The Whakatane District Council's Policy Committee has voted to stop adding fluoride to any of the district's public water supplies.
After hearing submissions for and against fluoridation, a report on future options for district water supplies sparked passionate debate, with six of the 11 members subsequently voting to cease fluoridating the Whakatane and Ohope supply and not extend fluoridation to other community water schemes.
Fluoride, in the form of hydrofluorosililic acid, has been added to the Whakatane and Ohope water supply since 1972, but no other community schemes have been fluoridated.
Mayor Tony Bonne said if fluoridation did have significant oral health benefits, without creating other health risks, its use should be a central Government decision.
"I don't think local councils should be making decisions like this and taking on the responsibility for any negative outcomes that may arise in the future," he said.
Mayor Bonne and Councillors George Johnston, Scott Jarrett, Dave Sheaff, Alison Silcock and Gerard van Beek voted for the recommendation to not add fluoride; with councillors Judy Turner, Julie Jukes, John Pullar, Russell Orr and Andrew Iles voting against the recommendation.

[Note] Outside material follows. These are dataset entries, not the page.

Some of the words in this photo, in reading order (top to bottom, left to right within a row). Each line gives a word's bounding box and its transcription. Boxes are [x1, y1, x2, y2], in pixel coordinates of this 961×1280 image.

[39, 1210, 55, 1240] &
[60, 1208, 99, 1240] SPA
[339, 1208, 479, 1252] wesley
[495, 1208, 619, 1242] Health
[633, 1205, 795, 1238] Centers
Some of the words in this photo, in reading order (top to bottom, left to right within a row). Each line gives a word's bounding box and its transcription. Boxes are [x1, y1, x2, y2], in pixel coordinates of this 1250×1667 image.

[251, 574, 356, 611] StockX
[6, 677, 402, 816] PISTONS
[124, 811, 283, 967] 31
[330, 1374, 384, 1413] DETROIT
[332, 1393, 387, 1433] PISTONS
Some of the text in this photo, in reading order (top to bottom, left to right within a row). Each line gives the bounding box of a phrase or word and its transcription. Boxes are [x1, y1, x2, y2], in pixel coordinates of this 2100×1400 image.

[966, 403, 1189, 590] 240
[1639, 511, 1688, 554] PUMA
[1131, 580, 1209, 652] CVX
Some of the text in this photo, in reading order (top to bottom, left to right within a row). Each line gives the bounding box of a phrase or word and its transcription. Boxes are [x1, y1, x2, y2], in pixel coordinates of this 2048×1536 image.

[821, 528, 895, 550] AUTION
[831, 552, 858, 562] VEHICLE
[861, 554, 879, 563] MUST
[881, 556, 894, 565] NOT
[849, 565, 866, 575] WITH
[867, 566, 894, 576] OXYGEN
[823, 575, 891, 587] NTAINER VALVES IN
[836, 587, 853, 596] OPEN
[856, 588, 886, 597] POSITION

The committee has also called for a further report on the possibility of using the savings resulting from ceasing fluoridation, estimated at $3,500 a year for the Whakatane and Ohope supply, to promote dental health activities in District schools and preschools.
Submissions in favour of fluoridation were made by Dr Neil de Wet of Toi Te Ora Public Health and local dental practitioner John Twaddle, while Mary Byrne and Jon Burness of Fluoride-Free New Zealand spoke against the practice.
Dr de Wet's submission cited significant improvements in oral health and particularly in children, as a result of water supply fluoridation; support for the practice by reputable health organisations around the world; a lack of credible links to any adverse health effects; and support for fluoridation in local referenda in 1995 (54 percent in favour), 2001 (63 percent in favour) and 2013 (60.5 percent in favour).
Speaking against the practice, Ms Byrne submitted that only seven countries worldwide fluoridated the water supplied to more than half of their populations and that a number of developed countries had ceased fluoridating water supplies.
She also said no other Bay of Plenty councils and only 23 of the 67 New Zealand councils currently fluoridate their water supplies; that fluoridation is effective through topical contact rather than by ingestion; that fluoride is a recognised neurotoxin; and that no adverse oral health effects have been experienced in communities where fluoridation has ceased.